Without the images, write out all of the following entries exactly.
------------------------------------------------------------
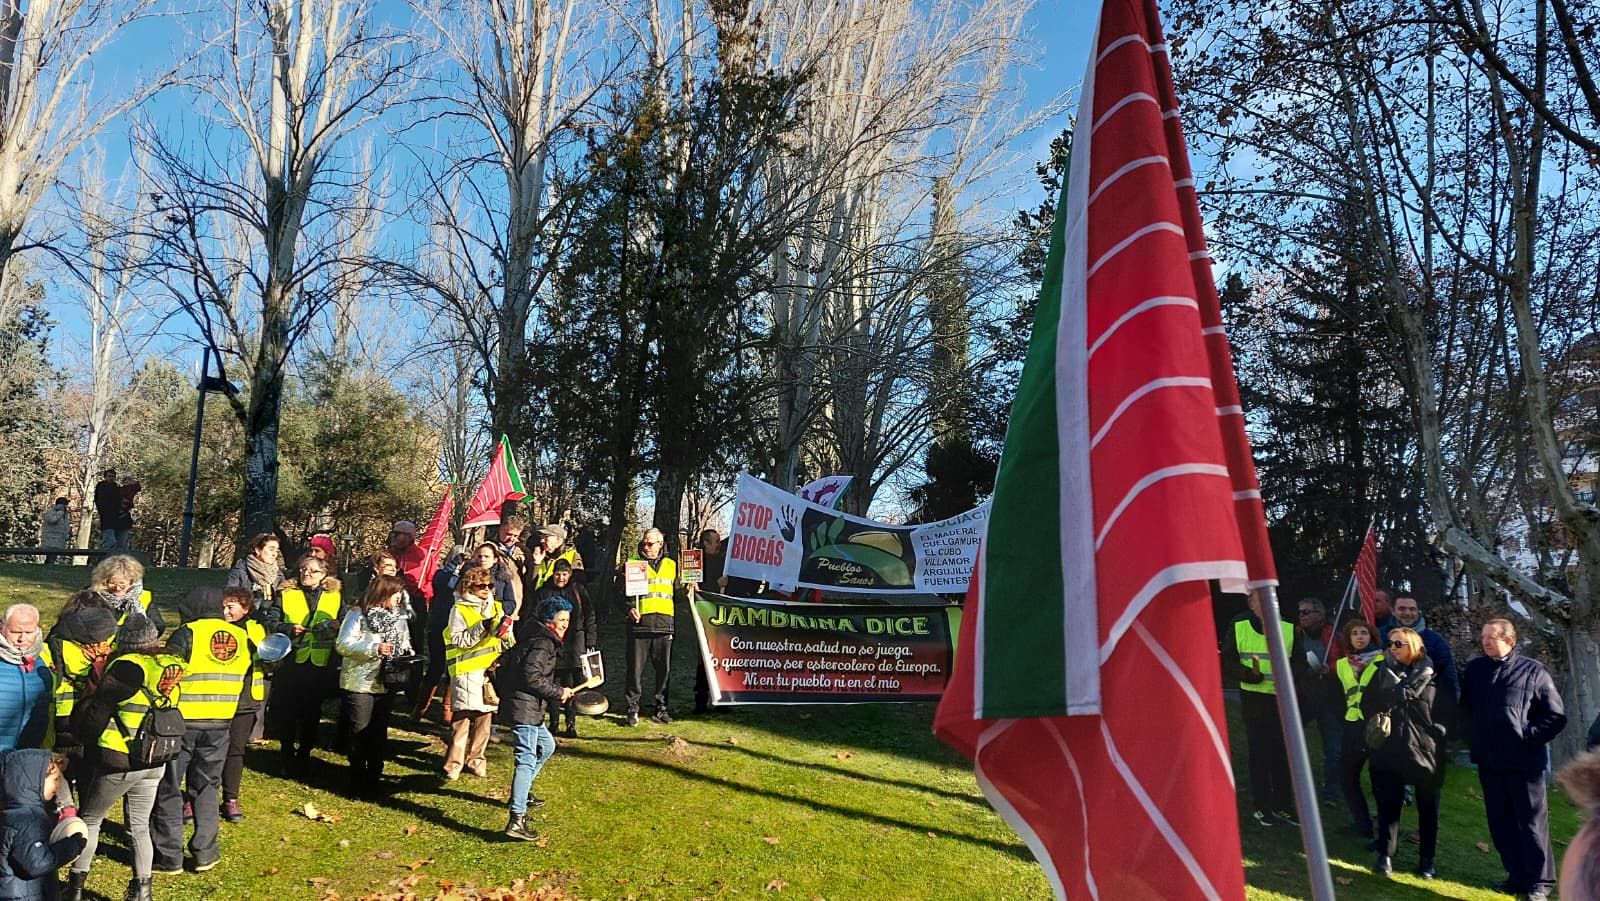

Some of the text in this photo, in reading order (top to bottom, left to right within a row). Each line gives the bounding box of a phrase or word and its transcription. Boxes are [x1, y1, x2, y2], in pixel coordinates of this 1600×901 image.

[737, 501, 773, 530] STOP
[934, 527, 977, 539] MADERAL
[731, 533, 785, 567] BIOGÁS
[938, 547, 962, 556] CUBO
[817, 557, 863, 573] Pueblos
[925, 557, 970, 566] VILLAMOR
[839, 572, 875, 586] Sanos
[710, 605, 930, 636] JAMBRINA DICE
[730, 636, 913, 660] Con nuestra salud no se juega.
[721, 657, 782, 672] queremos
[783, 659, 803, 670] ser
[806, 657, 876, 672] estercolero
[878, 659, 894, 672] de
[895, 659, 941, 677] Europa.
[742, 671, 900, 691] Ni en tu pueblo ni en el mío
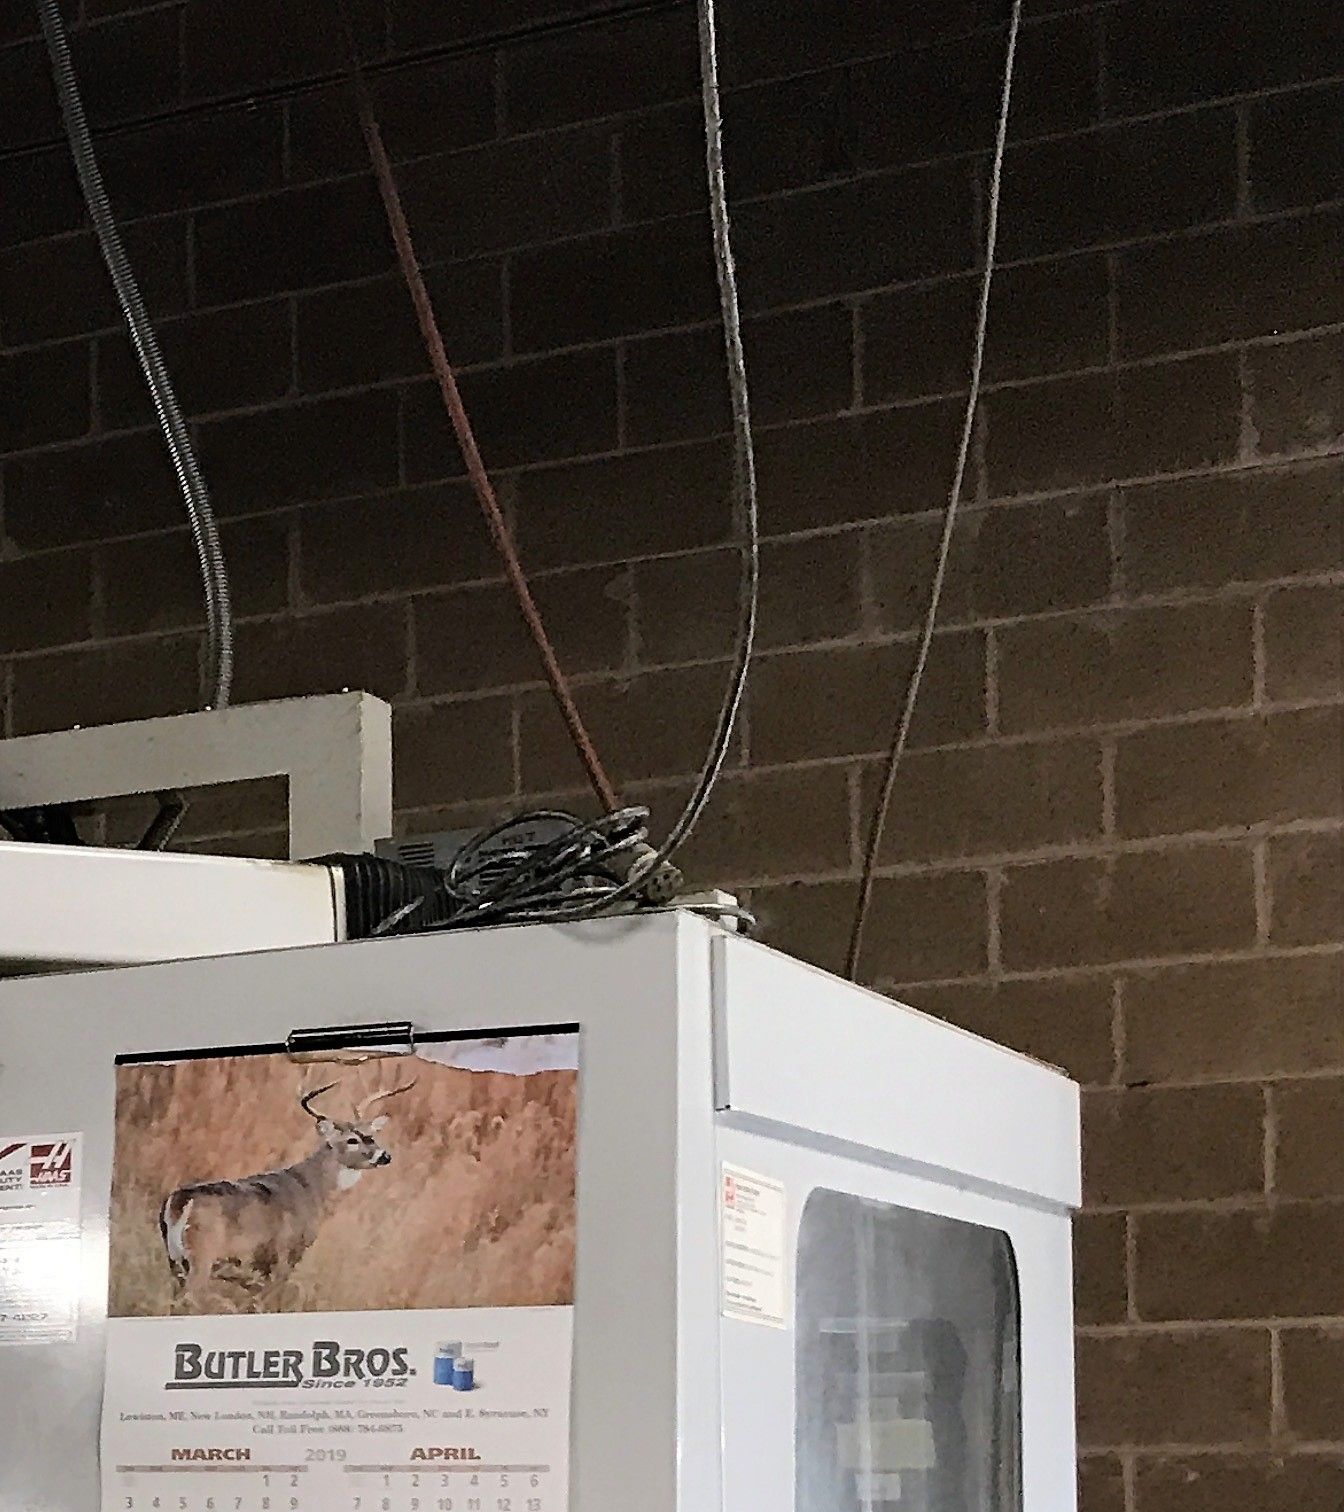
------------------------------------------------------------
## [Task result]
Some of the text in this photo, in reading order (top to bottom, left to right within a row). Each line gives the bounding box of a phrase or word and its transcription. Boxes are [x1, y1, x2, y2], in pixel coordinates of this 1600×901 image.

[737, 501, 773, 530] STOP
[934, 527, 977, 539] MADERAL
[731, 533, 785, 567] BIOGÁS
[938, 547, 962, 556] CUBO
[817, 557, 863, 573] Pueblos
[925, 557, 970, 566] VILLAMOR
[839, 572, 875, 586] Sanos
[710, 605, 930, 636] JAMBRINA DICE
[730, 636, 913, 660] Con nuestra salud no se juega.
[721, 657, 782, 672] queremos
[783, 659, 803, 670] ser
[806, 657, 876, 672] estercolero
[878, 659, 894, 672] de
[895, 659, 941, 677] Europa.
[742, 671, 900, 691] Ni en tu pueblo ni en el mío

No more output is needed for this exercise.